A Colt Is My Passport: ”Chasing memories. Wandering ganglord. I’m sure happiness will come soon. You once said with a smile. But, now your face is a ghost in the mist.”

Year: 1967
Directed by Takashi Nomura
Produced by
Written by Nobuo Yamada, Shuichi Nagahara and Shinji Fujiwara
Cast:Jô Shishido, Chitose Kobayashi, Jerry Fujio, Shôki Fukae, Zenji Yamada, Eimei Esumi, Jun Hongô, Akio Miyabe, Toyoko Takechi, Kôjirô Kusanagi, Ryotaro Sugi, and Takamaru Sasaki

A Hitman hired to kill a crime boss finds himself doublecrossed by the criminal organization he was hired by. Now, he and his partner must outsmart his former employer and the murdered crime boss’s gang searching for them to enact their revenge.

A Colt Is My Passport, at first glance, is a mirror image of its protagonist Shuji Kamimura cold, economical and single-minded.
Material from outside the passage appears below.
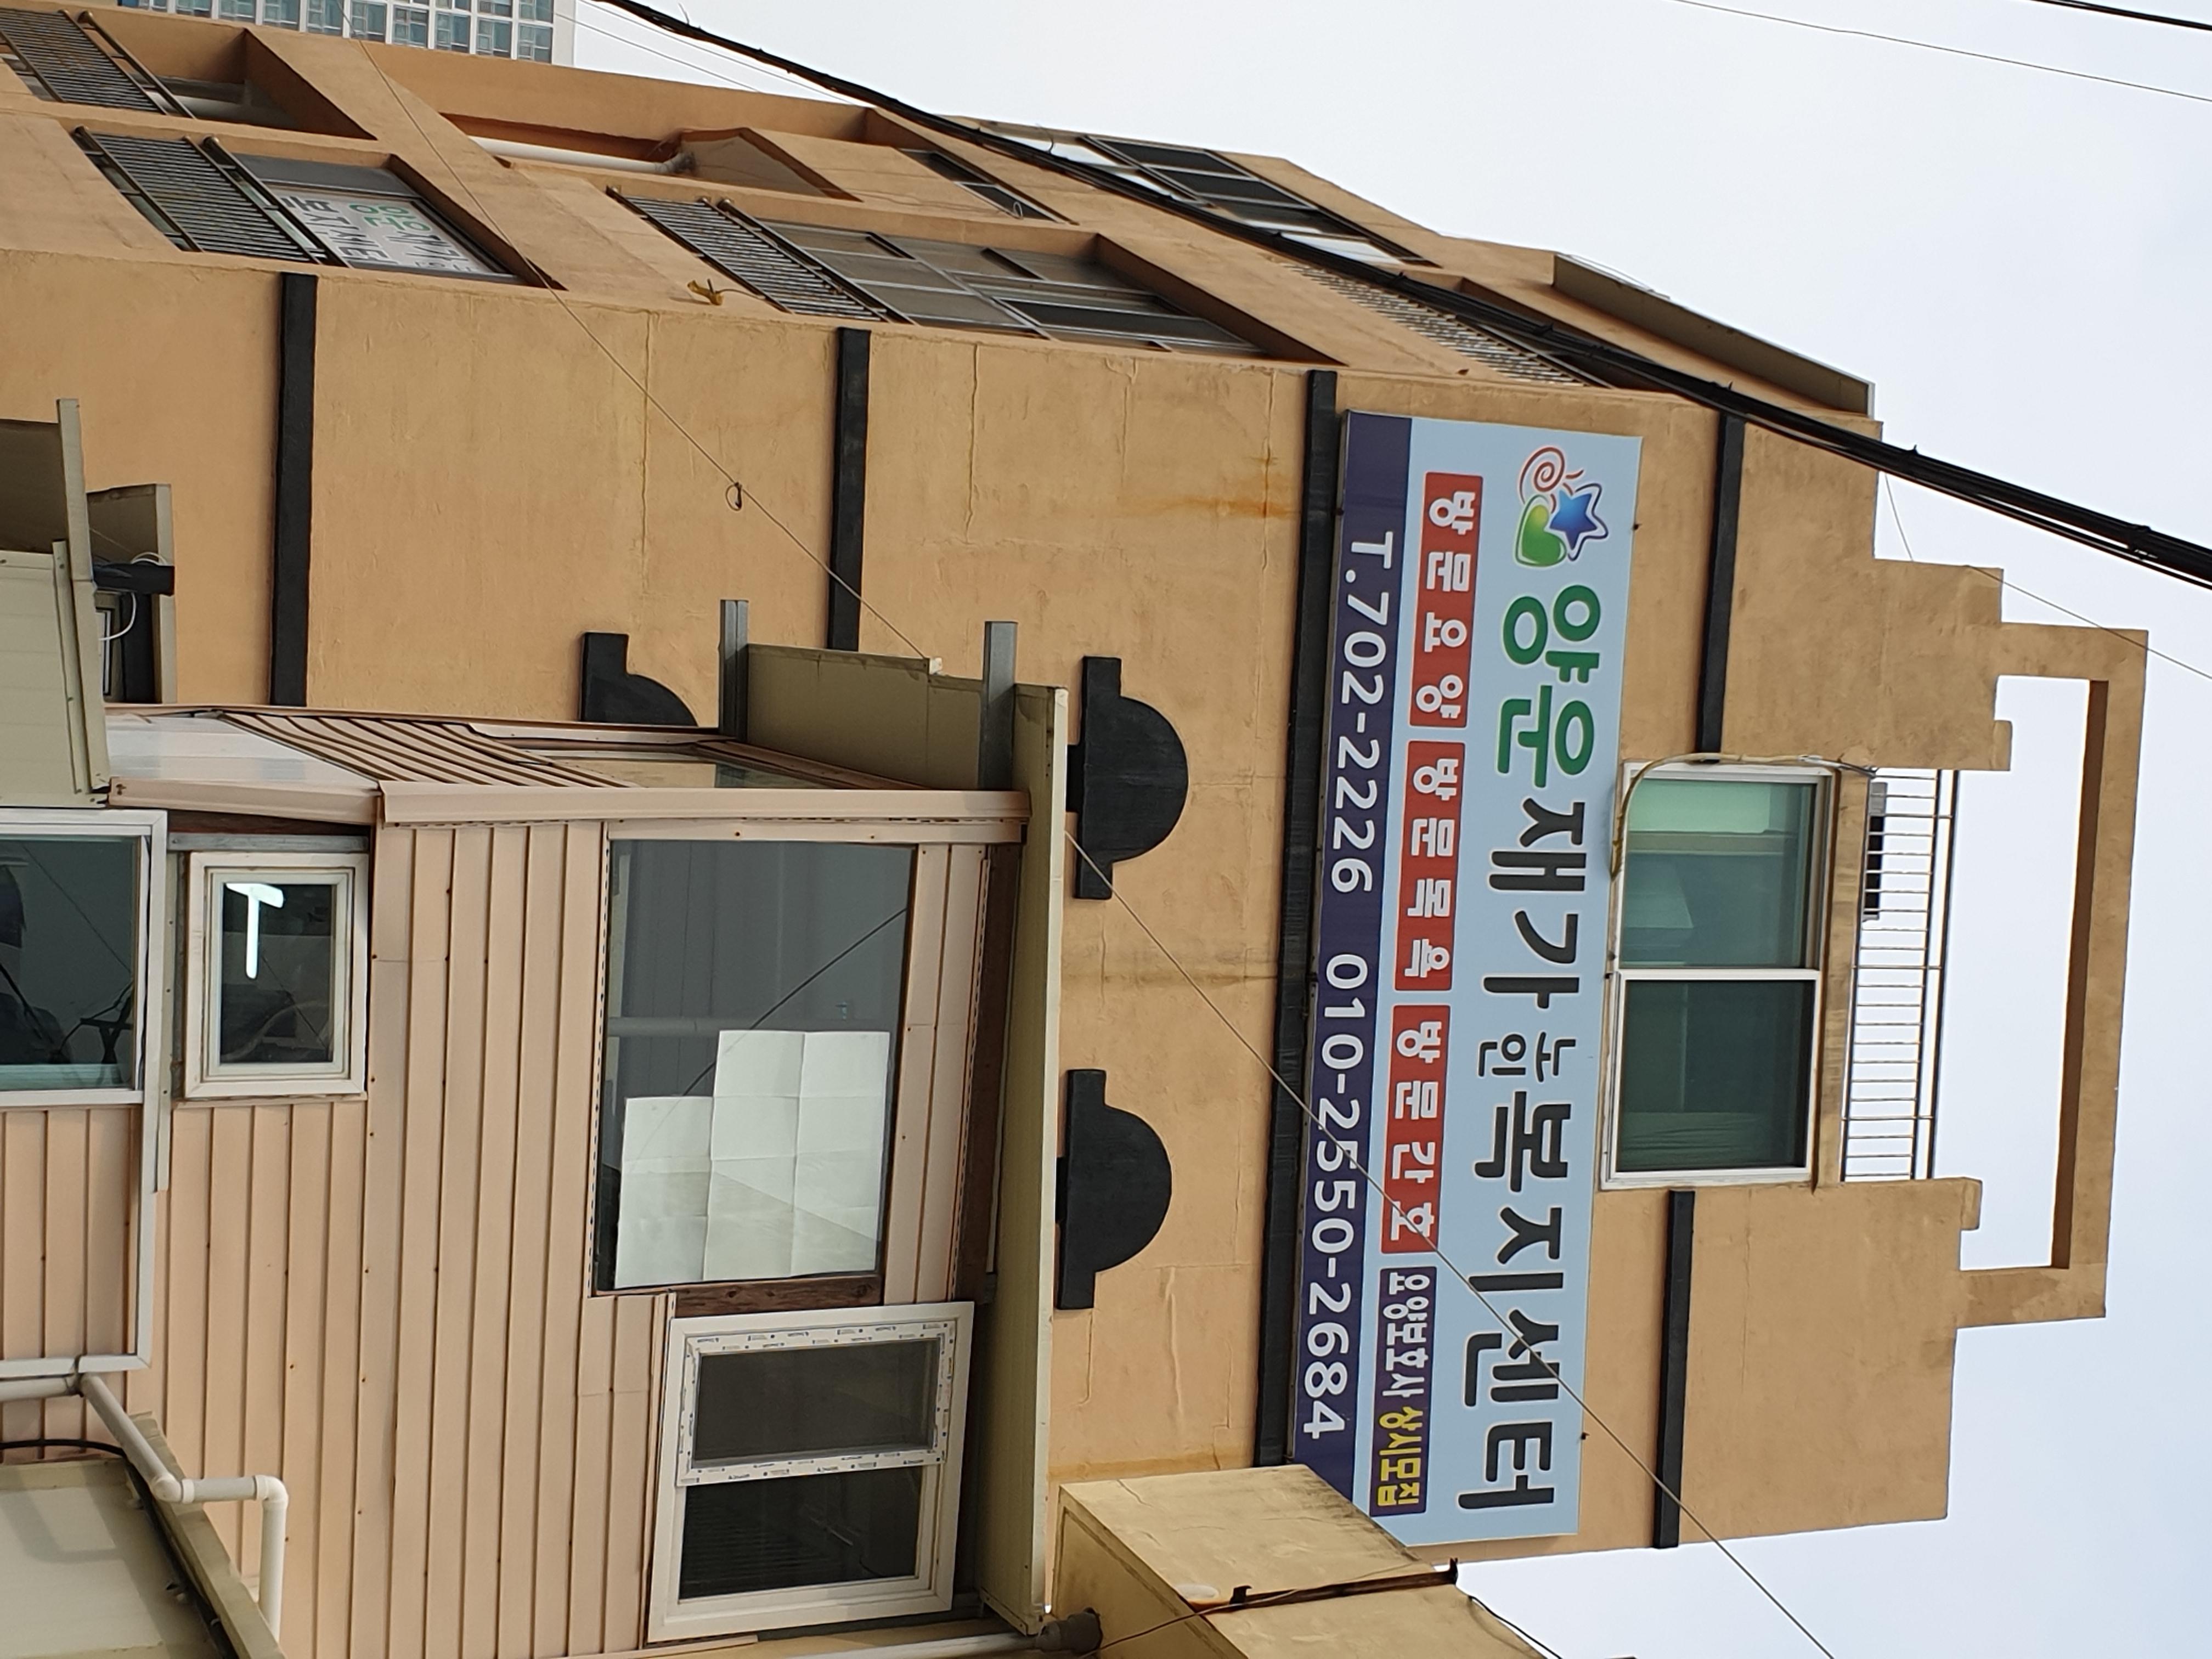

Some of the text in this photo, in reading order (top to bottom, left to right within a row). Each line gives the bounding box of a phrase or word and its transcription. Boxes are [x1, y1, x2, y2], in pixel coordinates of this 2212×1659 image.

[1304, 531, 1393, 1440] T.702-2226 010-2550-2684
[1390, 491, 1475, 1241] 방문요양 방문목욕 방문간호
[1377, 1272, 1430, 1505] 요양보호사 상시모집
It is this single-mindedness that lets the narrative flow so ceaselessly.
Not a single frame of A Colt Is My Passport is put to waste. It starts with Shuji being given details about the daily life of his target just right before the assassination. The actual assassination is carried out with a spartan like discipline amidst a poetic tranquility. Afterward, the narrative becomes a giant game of cat and mouse as Shuji and his loyal parther Shun must outwit all those trying to kill them. The hunter has became the hunted.
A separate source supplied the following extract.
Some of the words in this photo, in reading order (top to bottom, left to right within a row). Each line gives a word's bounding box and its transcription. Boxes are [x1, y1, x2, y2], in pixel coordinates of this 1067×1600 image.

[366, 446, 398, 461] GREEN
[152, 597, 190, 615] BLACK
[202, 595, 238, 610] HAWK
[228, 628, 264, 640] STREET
In this framework, A Colt Is My Passport almost takes a form of a Western. The motel that Shuji and Shun take refuge in is like something out of a shantytown from a Western. Despite a contemporary setting, most of the locales are isolated seasides and outskirts .Shuji and Shun are total outlaws. There is no protection for them inside of the law or outside of the law. Like a traditional western, there is even a lost beautiful woman trying to escape the seedy town for a better life. Mina comes to fall in love with Shuji or just perhaps what he represents. A free spirit that lives life according to his own whims. Shuji may possess the look of a stone face killer but to say that he is only that would be to sell him short. Shuji has a keen concern to not harm those around him if he does do harm, Shuji does try to compensate the wrong party. Many action heroes pay little to no attention to collateral damage but Shunji is an exception. Self-sacrifice is not a trait you would associate with a hitman, yet Shuji bucks the trend with some altruistic tendencies.

Yet, the western conventions are only one side of A Colt Is My Passport. The visual trappings are obviously one of film noir. The black and white visuals produced a shadowy world that’s familiar and a worthy tribute to the American film noir it imitates. Outwardly at least, the Yakuza are little different from their American counterparts, so this swap feels not forced. A Colt Is My Passport is steep in American pop culture iconography but the innards retain a clear ”Japanese-ness” from the constant sense of duty and honor that Shuji exhibits in face of danger. The final showdown is the perhaps the most deliberate homage to a Western due to the far-flung site and the settling dust everywhere. The final shootout has little dialogue to convey meaning but the body language is well crafted enough that it is unnecessary. The final images of Shuji is a powerful farewell for its striking parallels with similar endings in Westerns.

A Colt Is My Passport is a painstakingly cool and eclectic effort that takes great amount of cues from Westerns while at the crux is an effective film noir.